Personal details
- Born: Krishnamurthy January 18, 1933 Nagercoil, Travancore, (present-day Kanyakumari District), India}
- Died: 4 March 2021 (aged 88) Chennai, India
- Occupation: Editor of Dinamalar, Epigraphist, Numismatist

= R Krishnamurthy =

Indian editor, epigraphist, and numismatist (1933–2021)

R. Krishnamurthy (18 January 1933 – 4 March 2021) was a former editor of the Tamil daily Dinamalar and also a renowned Tamil script epigraphist and numismatist in India. The second son of Dinamalar founder, T. V. Ramasubbaiyer, he became editor of Dinamalar in 1977.

In later years, he took a keen interest in studying various Tamil inscriptions of different periods, especially the ‘Vatteluttu’ script. His interest in Tamil script epigraphy led him to numismatics. He discovered various coins of the Tamil Sangam period, which he published in a book titled ‘Sangam Age Tamil Coins’. He also published other books based on his findings and research in Tamil script epigraphy and numismatics in Tamilnadu.

Krishnamurthy founded the Tamilnadu Numismatic Society in Chennai, in 1986, and the South Indian Numismatic Society, in 1991.
The Royal Numismatic Society in London honoured him by electing him a fellow of the society, in 1998.
A recipient of several awards and honours, he presented his research work at several conferences in India and abroad.

==Early life==

R. Krishnamurthy was born in Vadiveeswaram, Nagercoil, (present-day Kanyakumari District), in the then princely state of Travancore. He was the second son of freedom fighter, social activist and journalist T. V. Ramasubbaiyer, who founded the popular Tamil daily Dinamalar.

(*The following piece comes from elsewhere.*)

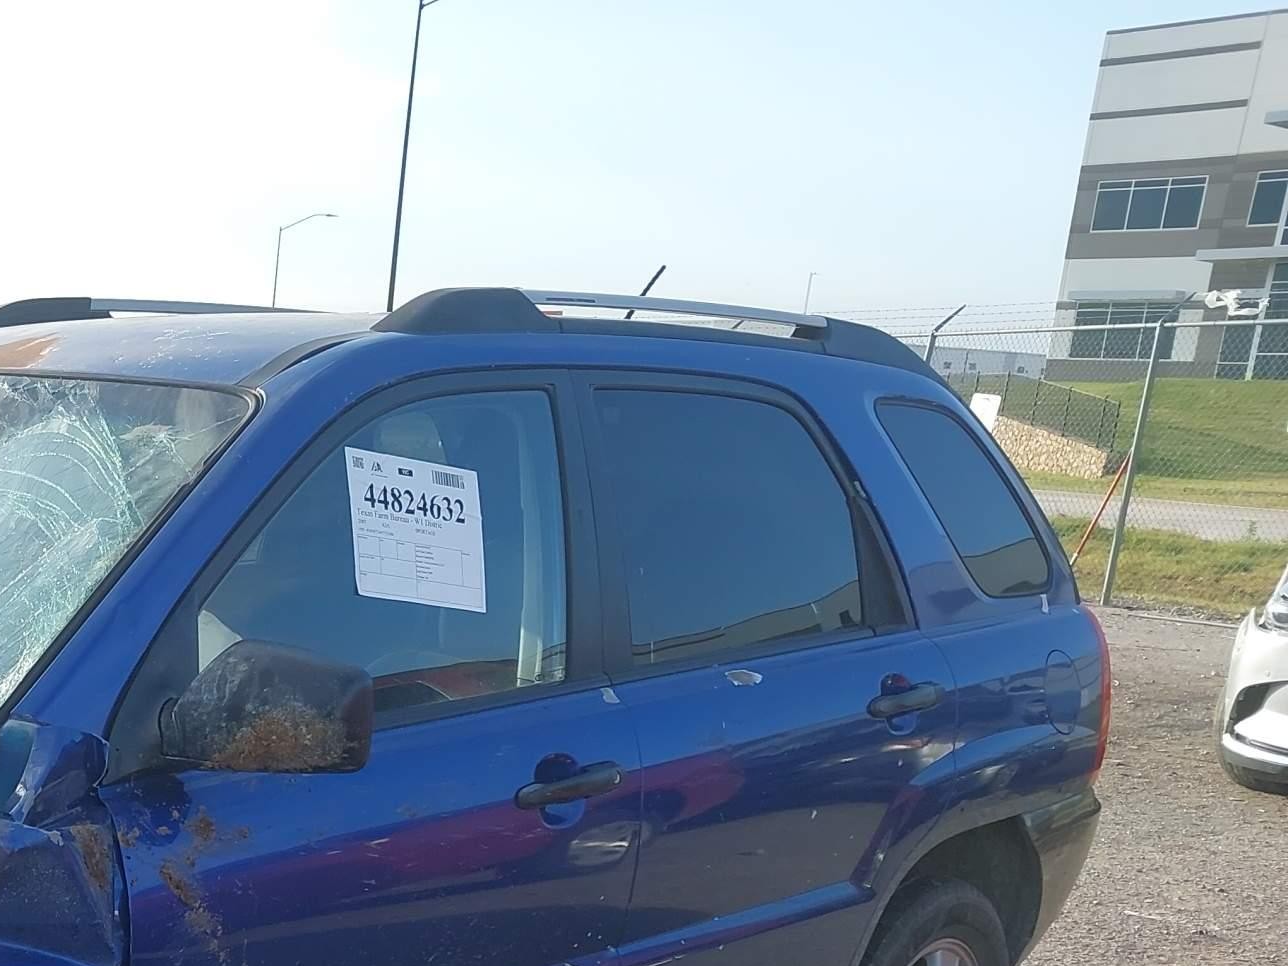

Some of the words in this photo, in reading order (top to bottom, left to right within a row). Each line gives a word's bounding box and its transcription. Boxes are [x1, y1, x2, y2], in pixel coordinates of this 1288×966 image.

[357, 507, 374, 517] Texas
[374, 510, 389, 521] Farm
[364, 483, 465, 524] 44824632

He had his schooling at Sethu Lakshmi Bai (SLB) school in Nagercoil and pre-degree education at Scott Christian College, Nagercoil. He later went on to complete his B.Sc. degree in Geology at Alagappa College (later University) in Karaikudi and Master’s degree (in the same subject) from Presidency College, Madras (now Chennai).

==Career==

Krishnamurthy joined Dinamalar in 1956, which was then headquartered in Thiruvananthapuram. With the reorganisation of states in India, the newspaper shifted its operations to Tirunelveli (in Tamilnadu) in 1957. Eventually, the head office of the newspaper was shifted to Chennai, where he became Editor of the newspaper in 1977.

He was elected General Secretary of the India Newspaper Editors’ Conference in 1991.

==Epigraphy==

Krishnamurthy introduced the simplified Tamil script, originally proposed by Periyar E. V. Ramasamy (Thanthai Periyar), in the Tiruchirappalli edition of his newspaper in 1977. In the course of time, several other Tamil dailies and periodicals introduced this script in their publications. In the late 1970’s, the Government of Tamilnadu adopted it in its school textbooks.

He later made studies on the origins of the Tamil language and script, especially with reference to the ‘Vatteluttu’ script. His findings and research became the basis for three books in Tamil.

==Numismatics==

Krishnamurthy’s interest in the Tamil script and its origins later kindled his interests in Numismatics, which made him travel across the globe. He was especially interested in the coins minted by the old Tamil kingdoms of the Sangam period – the Chera, Chola and the Pandyas. He discovered various coins of the Tamil Sangam period, which he published in a book titled Sangam Age Tamil Coins. He also studied and published monographs on Roman and Greek coins found in Tamilnadu, around Karur.

Krishnamurthy founded the Tamilnadu Numismatic Society in Chennai, in 1986, and the South Indian Numismatic Society, in 1991.

==Awards and honours==

The Royal Numismatic Society in London honoured Krishnamurthy by electing him a fellow of the society, in 1998.

In 2015, he was honoured with the Tolkappiyar award by the President of India, for his research work on Tamil.

The Numismatic Society of India awarded him the C.H. Biddulph and T. Desakachari medals.

In 2004, the Madurai Kamaraj University conferred on him the degree of Doctor of Science (Honoris Causa).